1) they lack dairy which can make you bloated amongst other things, and
2) cheese balls aren't as healthy as nut cheeses.

These tasty nut cheeses are great to take to parties. People's first reactions are generally, "what is this?" and ten minutes later the entire plate is devoured.

This one is a little different and takes a bit more to make, but is delicious.

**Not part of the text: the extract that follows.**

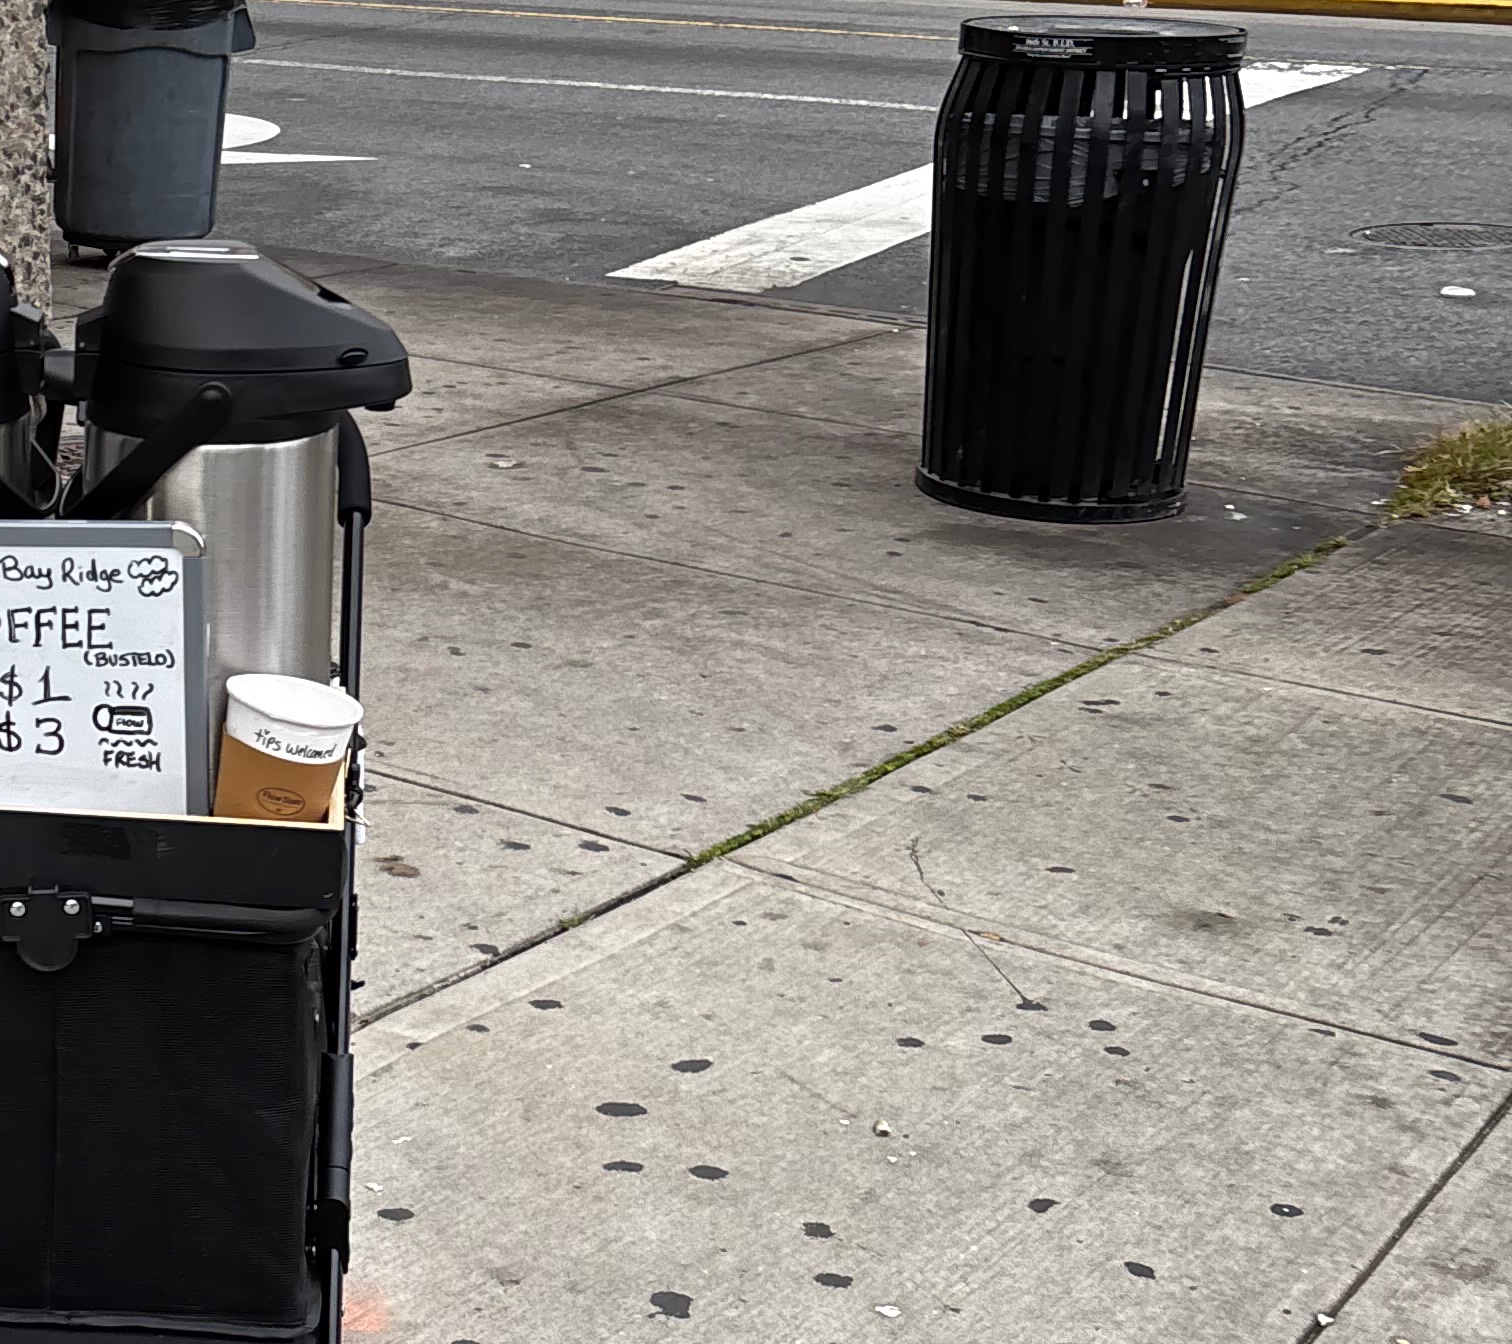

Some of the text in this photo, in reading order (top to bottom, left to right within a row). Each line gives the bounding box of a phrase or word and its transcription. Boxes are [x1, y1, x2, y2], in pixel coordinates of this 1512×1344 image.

Try it, you may like it :)


Leek and Herb Nut Cheese

For the base
* 1 C cashews
* 1 C brazil nuts (I use half and half, because of the selenium that brazil nuts provide)
* 2 acidophilus tablets (if you don’t have a high speed blender, use capsule pills that you can break open)
* 1 C of water

Leek and Herb mixture
* 1/2 C of chopped leeks
* 1 T fresh basil (chopped)
* 1 T fresh mint (chopped)
* 1 T fresh parsley (chopped)
* .5 t sea salt
* .5 t lemon juice
* .5 t garlic powder
* 3 t nutritional yeast


For the cheese
1. In a high speed blender, combine all ingredients. Blend until smooth.
2. Place an adequate amount of cheese cloth in a mason jar, and secure with outer ring lid (takes a bit of force). Scoop mixture into cheese cloth and let sit in a warm/dark place for 24-48 hours
3. After 24-48 hours, the excess liquid will have drained from the nut cheese
4. Scoop out fermented cheese and place in bowl. The cheese will shrink during fermentation.

Leek and Herb mixture
Fold all ingredients in fermented cheese. Mix well by hand.


3 Ingredient Ice Cream

Have your very own healthy soft serve with this ridiculously easy and yummy ice cream.

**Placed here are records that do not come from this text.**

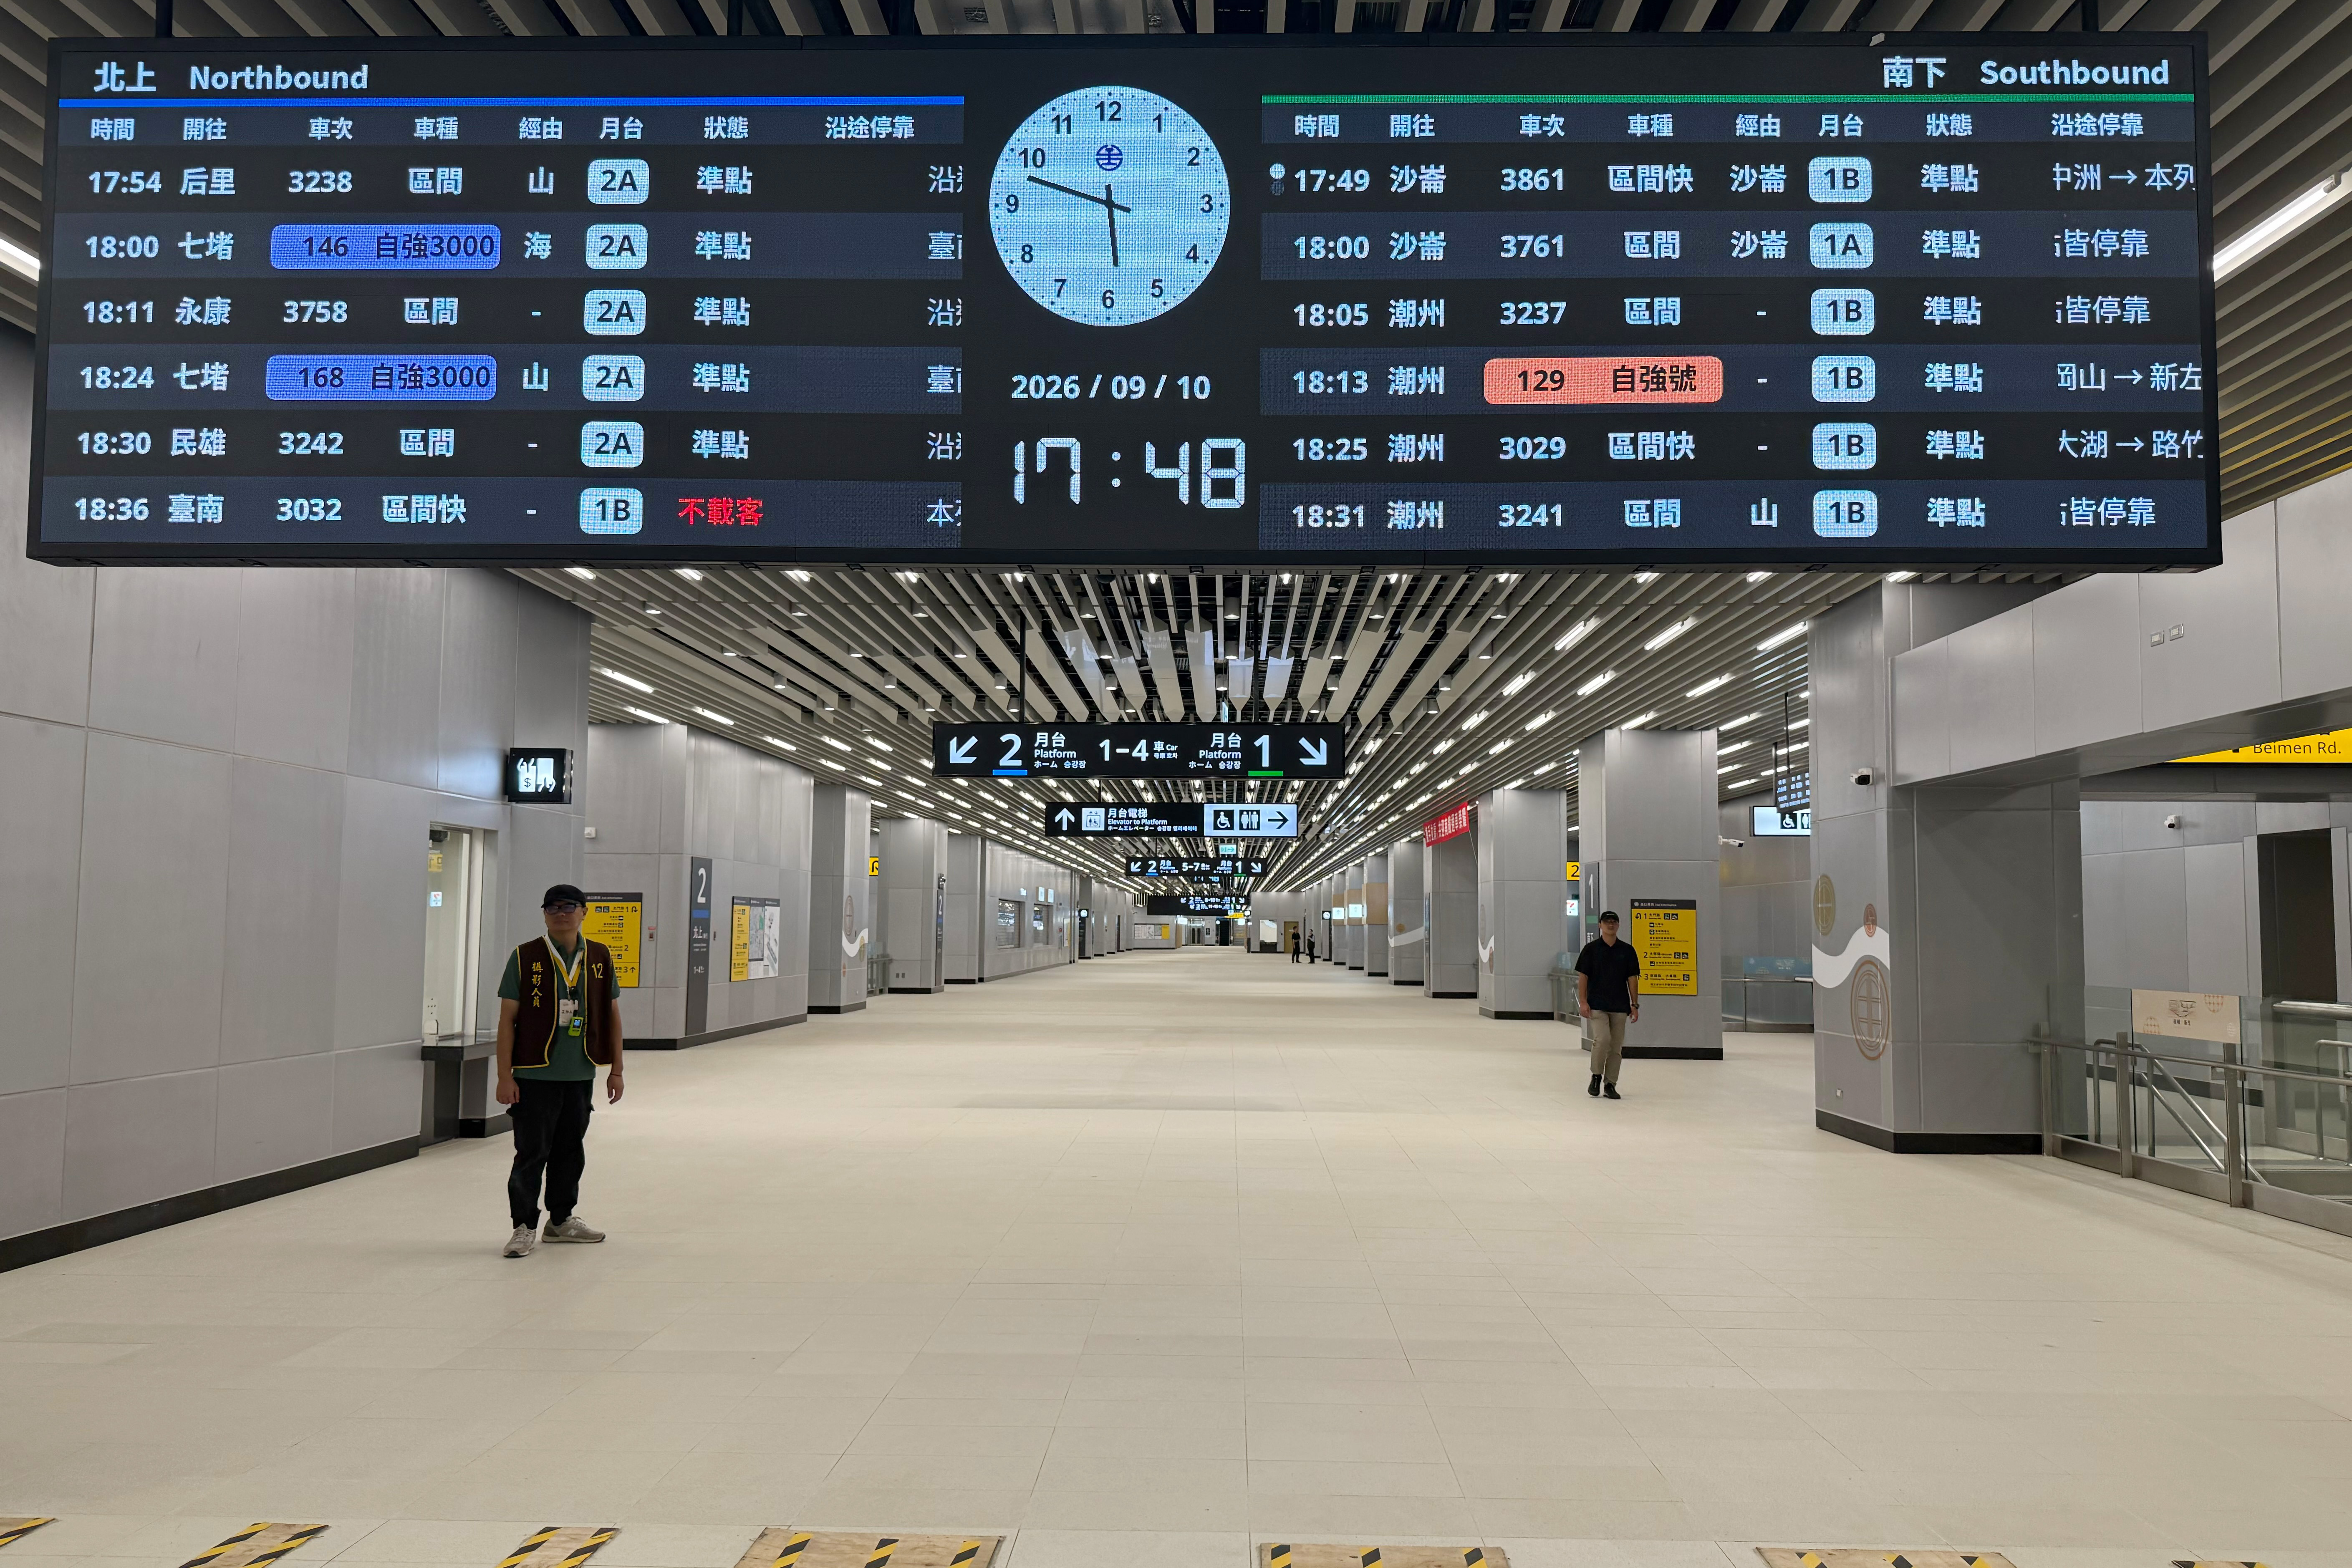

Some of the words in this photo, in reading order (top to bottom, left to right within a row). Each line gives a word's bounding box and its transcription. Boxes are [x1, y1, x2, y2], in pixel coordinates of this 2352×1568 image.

[94, 62, 156, 92] 北上
[191, 65, 368, 90] Northbound
[1883, 56, 1947, 88] 南下
[1981, 60, 2169, 85] Southbound
[1095, 101, 1121, 121] 12
[91, 118, 135, 141] 時間
[184, 118, 227, 141] 開往
[310, 118, 353, 140] 車次
[414, 117, 459, 140] 車種
[520, 117, 563, 140] 經由
[600, 117, 644, 139] 月台
[704, 117, 749, 139] 狀態
[826, 116, 915, 139] 沿途停靠
[1051, 114, 1073, 134] 11
[1153, 113, 1163, 133] 1
[1296, 115, 1340, 138] 時間
[1391, 114, 1435, 138] 開往
[1520, 114, 1565, 137] 車次
[1628, 114, 1674, 137] 車種
[1736, 114, 1780, 137] 經由
[1819, 114, 1864, 137] 月台
[1927, 114, 1972, 137] 狀態
[2052, 113, 2144, 136] 沿途停靠
[1019, 148, 1045, 169] 10
[1187, 148, 1200, 166] 2
[89, 172, 162, 194] 17:54
[181, 168, 235, 195] 后里
[289, 171, 352, 193] 3238
[409, 168, 462, 195] 區間
[529, 167, 554, 195] 山
[601, 170, 638, 192] 2A
[697, 166, 753, 194] 準點
[1295, 169, 1370, 192] 17:49
[1390, 165, 1446, 194] 沙崙
[1502, 169, 1563, 191] 3861
[1608, 164, 1693, 193] 區間快
[1731, 165, 1787, 193] 沙崙
[1824, 168, 1860, 190] 1B
[1922, 164, 1979, 193] 準點
[1006, 194, 1019, 214] 9
[1200, 194, 1213, 213] 3
[86, 236, 159, 258] 18:00
[179, 232, 234, 260] 七堵
[304, 236, 348, 257] 146
[376, 232, 495, 259] 自強3000
[525, 232, 552, 259] 海
[599, 235, 636, 257] 2A
[696, 232, 752, 260] 準點
[1021, 245, 1033, 263] 8
[1186, 245, 1199, 263] 4
[1295, 237, 1370, 259] 18:00
[1390, 232, 1447, 261] 沙崙
[1502, 235, 1563, 258] 3761
[1624, 232, 1680, 259] 區間
[1731, 231, 1788, 259] 沙崙
[1825, 234, 1862, 256] 1A
[1923, 230, 1980, 259] 準點
[1054, 279, 1067, 297] 7
[1151, 280, 1164, 298] 5
[1102, 290, 1115, 308] 6
[84, 302, 153, 323] 18:11
[176, 297, 231, 325] 永康
[284, 302, 348, 323] 3758
[405, 298, 458, 325] 區間
[597, 300, 635, 322] 2A
[694, 297, 750, 326] 準點
[1295, 304, 1368, 326] 18:05
[1389, 300, 1444, 328] 潮州
[1501, 303, 1567, 325] 3237
[1625, 298, 1681, 326] 區間
[1827, 300, 1862, 322] 1B
[1924, 297, 1981, 325] 準點
[81, 367, 154, 389] 18:24
[174, 362, 230, 391] 七堵
[299, 367, 343, 388] 168
[372, 363, 490, 390] 自強3000
[523, 363, 549, 391] 山
[596, 366, 633, 388] 2A
[694, 363, 750, 393] 準點
[1012, 375, 1080, 399] 2026
[1294, 371, 1368, 394] 18:13
[1389, 366, 1444, 396] 潮州
[1518, 369, 1565, 391] 129
[1613, 364, 1697, 393] 自強號
[1828, 367, 1863, 389] 1B
[1926, 363, 1983, 393] 準點
[78, 433, 151, 454] 18:30
[172, 428, 226, 456] 民雄
[280, 433, 343, 454] 3242
[400, 430, 454, 457] 區間
[594, 432, 632, 455] 2A
[693, 430, 749, 459] 準點
[1294, 439, 1368, 461] 18:25
[1388, 434, 1444, 463] 潮州
[1500, 437, 1566, 459] 3029
[1608, 431, 1695, 461] 區間快
[1829, 434, 1864, 456] 1B
[1927, 431, 1984, 460] 準點
[1015, 438, 1245, 508] 17:48
[76, 499, 149, 521] 18:36
[169, 494, 224, 523] 臺南
[278, 499, 342, 521] 3032
[383, 495, 466, 524] 區間快
[596, 499, 630, 521] 1B
[679, 498, 763, 526] 不載客
[1293, 506, 1364, 528] 18:31
[1388, 501, 1443, 530] 潮州
[1500, 505, 1562, 527] 3241
[1624, 499, 1681, 528] 區間
[1752, 498, 1778, 527] 山
[1829, 502, 1865, 524] 1B
[1928, 498, 1986, 527] 準點
[999, 734, 1022, 766] 2
[1034, 732, 1066, 747] 月台
[1153, 741, 1165, 752] 車
[1211, 733, 1242, 748] 月台
[2254, 743, 2312, 754] Beimen
[2318, 741, 2342, 754] Rd.
[1034, 749, 1076, 758] Platform
[1199, 750, 1242, 759] Platform
[1254, 735, 1269, 767] 1
[1064, 760, 1086, 769] 승강장
[1219, 761, 1242, 769] 승강장
[1108, 808, 1148, 818] 月台電梯
[1148, 861, 1156, 872] 2
[1235, 861, 1242, 873] 1
[1571, 865, 1579, 877] 2
[697, 867, 706, 903] 2
[1589, 874, 1593, 909] 1
[591, 963, 603, 979] 12

Quick and easy for those times when you just have to have a treat


3 frozen bananas, chopped
3 tablespoons any nut butter
1/3 cup almond milk


Pop all the ingredients into the blender and mix until super smooth and creamy. Add a touch more almond milk if needed. Enjoy vegan, sugar-free, delicious ice cream!

Want a twist? Use other favorite frozen berries, or add powdered cocoa and a little stevia or maple syrup to sweeten. I even add chocolate protein powder for a special "after workout" treat :)


Avocado Mango Salsa

Sweet and hot salsa with tangy mangoes and habaneros. You can omit the habaneros and add red bell peppers for a non-spicy version, but then again, why would you want to?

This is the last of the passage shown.